Researchers crack case on age-old arthritis myth

Researchers at the University of Alberta used an MRI machine to discover the audible “knuckle cracking” sound is caused by air bubbles forming in the synovial fluid. 

Courtesy UNIVERSITY OF ALBERTA

Researchers at the University of Alberta used an MRI machine to discover the audible “knuckle cracking” sound is caused by air bubbles forming in the synovial fluid. 

By Sports & Health Reporter

Of all the white lies parents tell their children, one of the most widespread is that knuckle-cracking can cause arthritis. However, new research at the University of Alberta has disproved this myth and discovered what the “cracking” sound actually is.

Researchers examined joints in each finger being cracked through a high-power MRI machine in a study titled “Real-Time Visualization of Joint Cavitation,” published in the April 15 edition of the journal PLOS One. Researchers discovered that the sound omitted when one cracks his or her knuckles is actually the sound of a bubble forming in the joint’s synovial fluid rather than a bubble popping, according to Richard Thompson, co-author of the study and an associate professor of biomedical engineering at the University of Alberta.

“Previously, it was thought that the knuckle crack was popping the bubbles,” Thompson said. “Before there was a knuckle crack, the distance between the bones at the knuckle was slowly growing. [When the knuckle cracked,] we could see a black signal void form in the fluid between the joints, so that’s the formation of a bubble. It’s a shift in the explanation of what causes the actual cracking sound in knuckle cracking.” 

English researchers first hypothesized in the 1947 study “Cracking in the metacarpo-phalangeal joint” that the cracking sound was the formation of a space for gas bubbles in the joint fluid. However, studies in the 1970s, such as “The Consequences of Habitual Knuckle Cracking” theorized that the gas bubbles bursting caused the noise. Although no scientific study was found to prove a correlation between frequent knuckle cracking and arthritis, a 1990 study titled “Effect of habitual knuckle cracking on hand function” found frequent knuckle cracking can lead to hand swelling, reduced grip strength and decreased hand function. 

“It’s neither harmful nor good for your joints, but it’s psychologically soothing to do it,” said Calvin R. Brown Jr., an associate professor of rheumatology at Northwestern University’s Feinberg School of Medicine. “Cracking your knuckles makes your parents crazy, but that’s about it.”

The MRI also revealed that before the knuckle actually cracks, a vacuum is created in the fluid that pulls oxygen and other gases into the joint, which results in the bubble forming and subsequently making the “cracking” sound. 

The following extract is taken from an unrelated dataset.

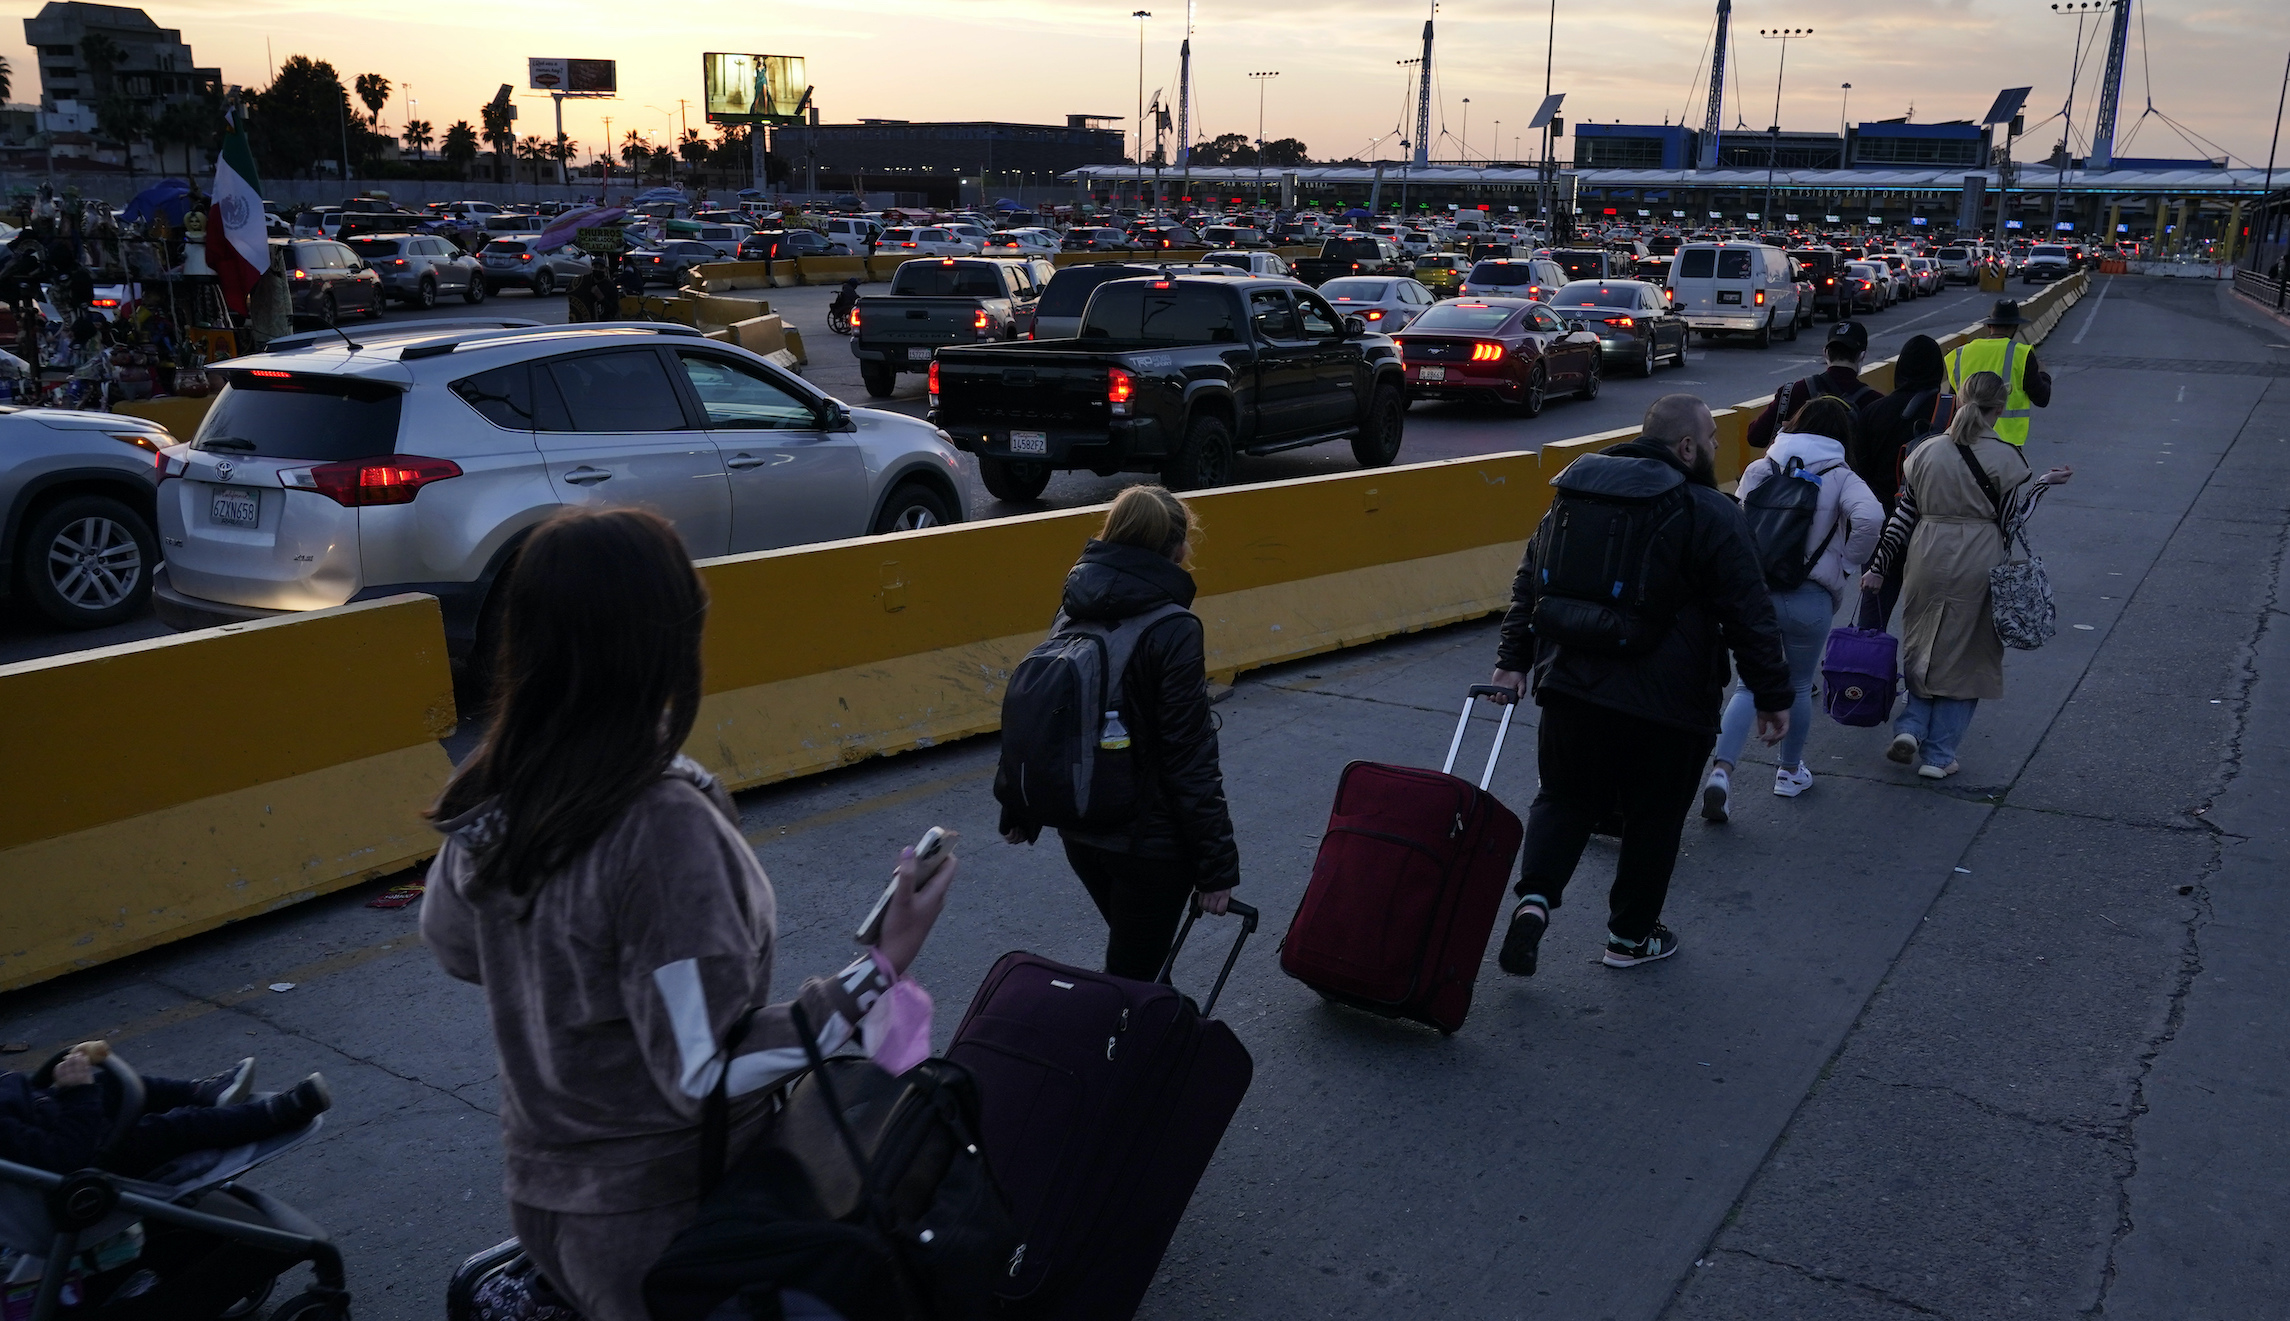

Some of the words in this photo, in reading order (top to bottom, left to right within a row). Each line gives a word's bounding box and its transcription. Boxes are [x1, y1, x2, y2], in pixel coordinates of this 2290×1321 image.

“When you’re pulling your joint, you’re creating a vacuum for negative pressure in between there,” Thompson said. “It [will be] exciting in the future to study this more [and] to think we’re imaging the predecessor of the knuckle-crack. It’s a sort of mechanistic-finding.” 

The study used a single subject who could crack his knuckles repeatedly—co-author Jerome Fryer, a chiropractor in British Columbia.

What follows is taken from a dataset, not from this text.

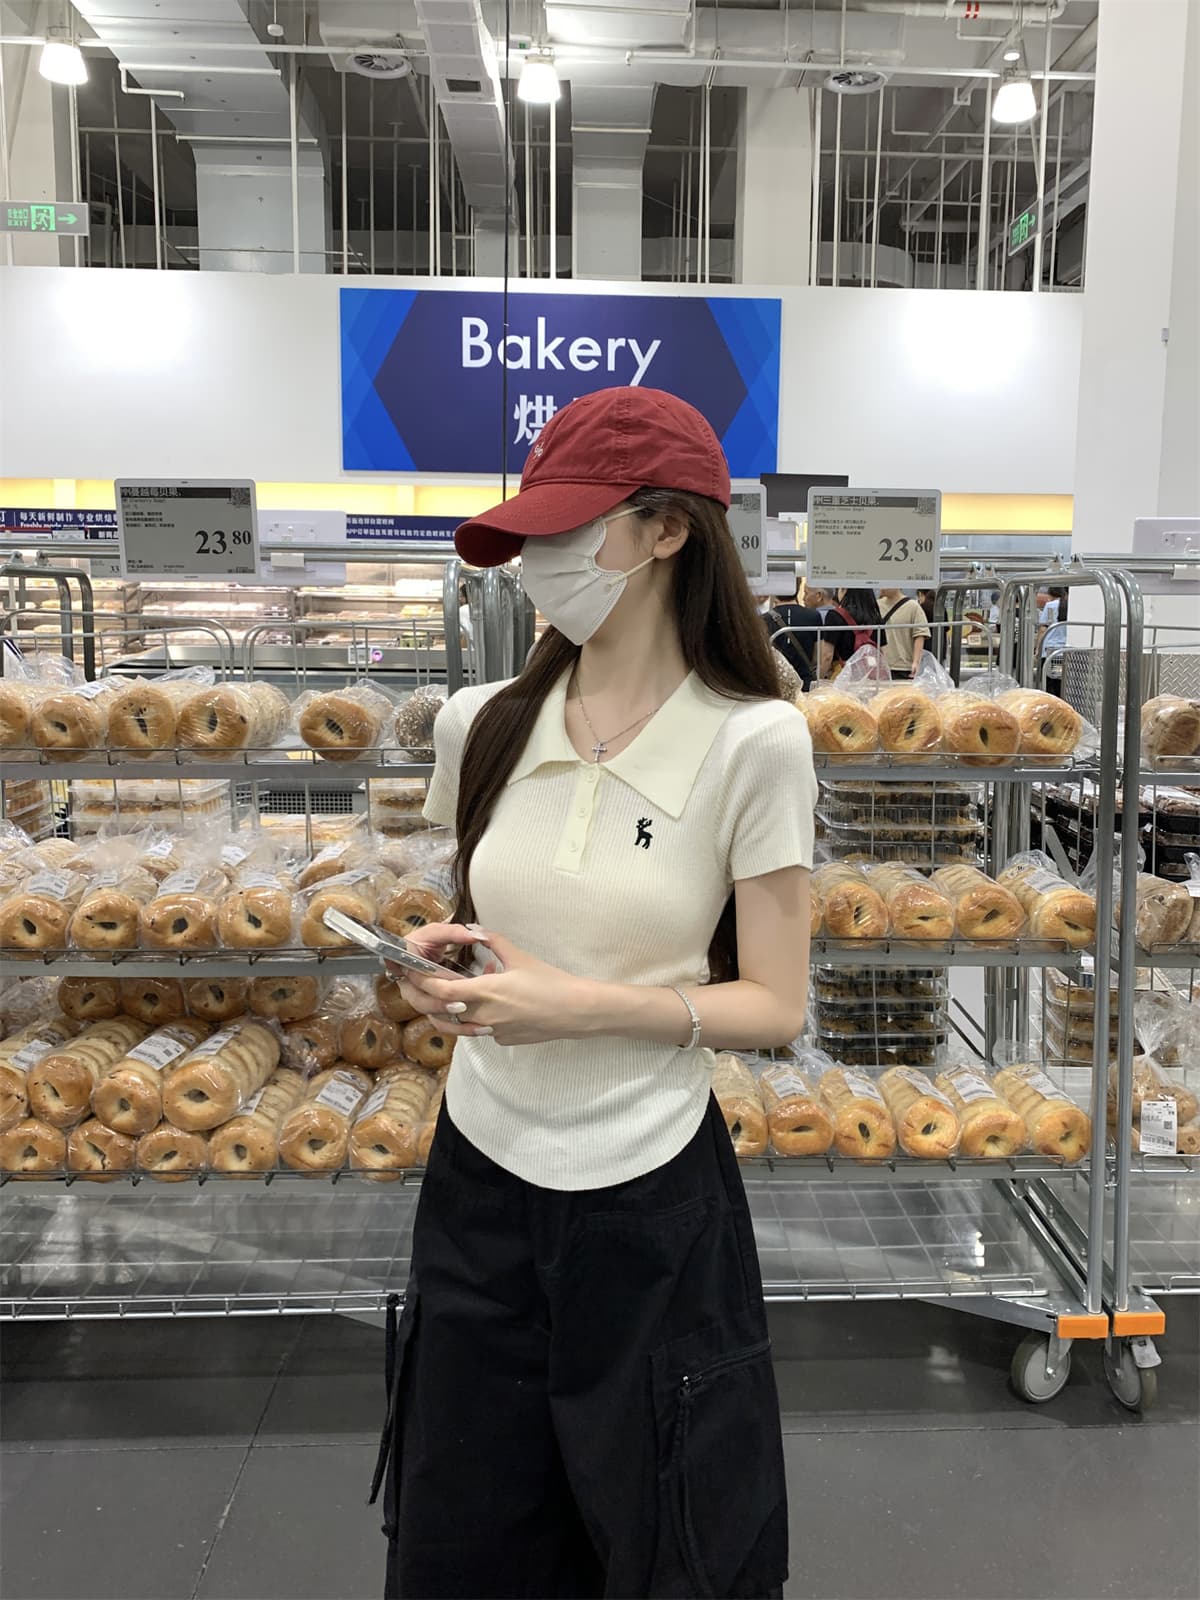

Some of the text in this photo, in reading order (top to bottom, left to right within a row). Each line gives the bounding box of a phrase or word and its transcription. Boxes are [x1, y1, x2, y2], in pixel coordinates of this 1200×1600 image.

[461, 316, 662, 387] Bakery
[513, 395, 578, 446] 烘
[195, 530, 251, 554] 23.80
[878, 538, 933, 562] 23.80

“He’s very interested in this phenomenon, so he volunteered,” Thompson said. “He’s a great knuckle-cracker and could crack his knuckles on demand.”

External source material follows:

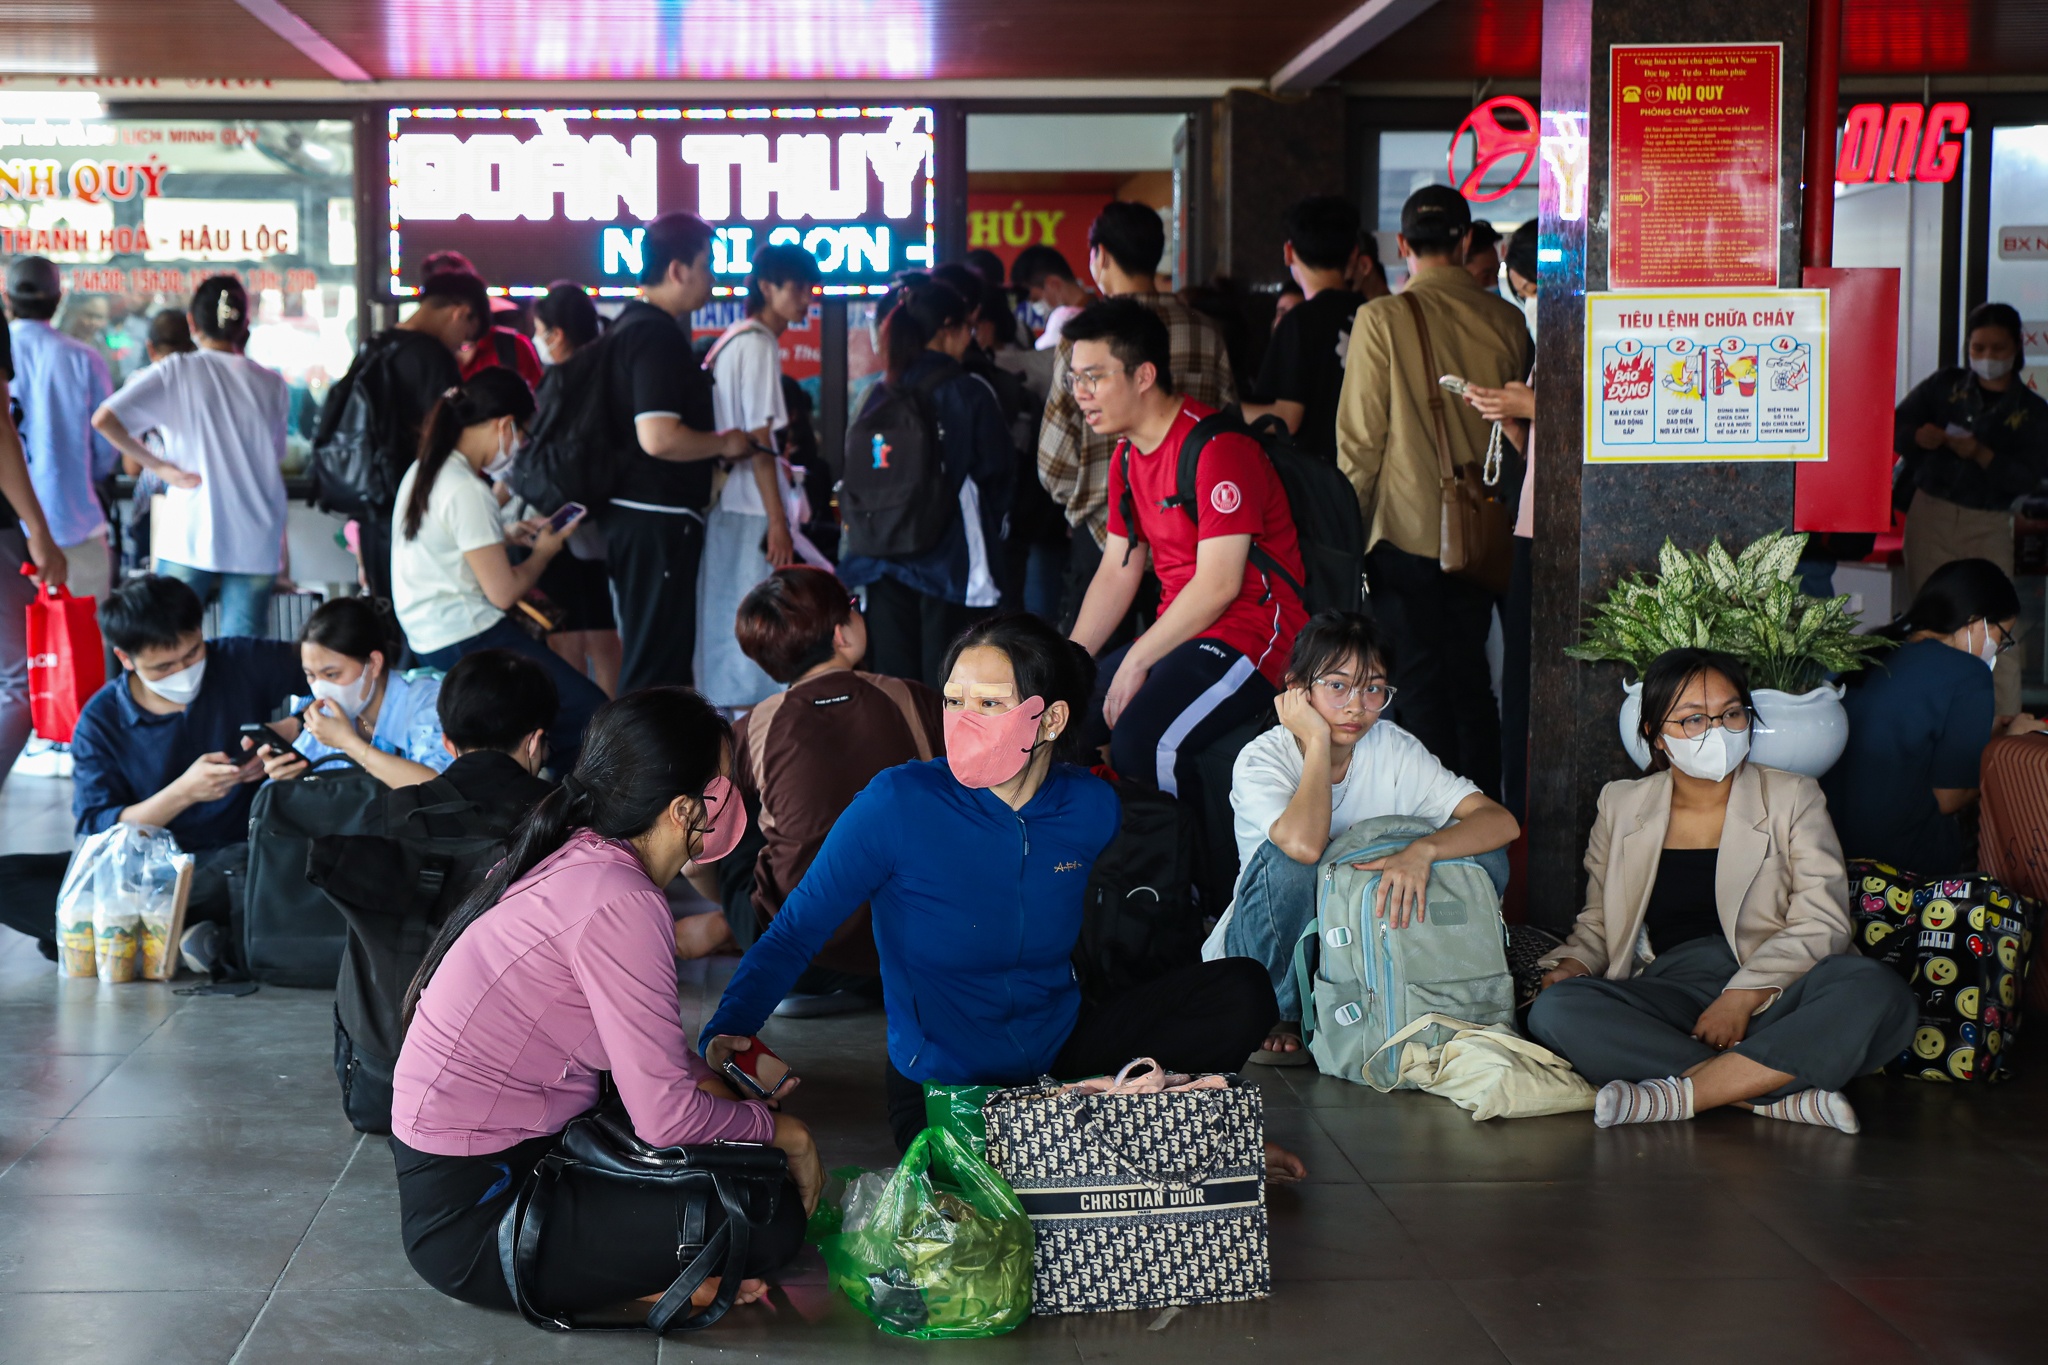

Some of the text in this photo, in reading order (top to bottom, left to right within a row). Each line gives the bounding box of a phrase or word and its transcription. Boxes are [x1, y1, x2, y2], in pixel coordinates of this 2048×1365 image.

Researchers were surprised at how clear the results of the study were, Thompson said. 

“We didn’t think it was going to be such a clear, easy-to-visualize event,” Thompson said. “We were really excited when we first saw it happen and the fact that we could repeat it on every attempt to make the knuckle crack made us confident that what we were observing was a real phenomenon.”

The technology used in the study and the discovery were both novel, according to Brown.

“It’s a really interesting study,” Brown said. “We really did think that [the cracking sound] was due to gas bubbles, so we were close. This study shows, with this advancement in MRI technology, the cracking isn’t the bubble cracking.”

Rheumatologists and other members of the medical community have known habitual knuckle-cracking could not cause arthritis or other long-term medical conditions for nearly 40 years, according to Brown.

“Your parents don’t like the sounds of your knuckles cracking, so they tell you it causes arthritis because they want you to stop doing it,” Brown said. “There’s absolutely nothing wrong with it. It doesn’t make you healthier, but it does give you a degree of satisfaction.”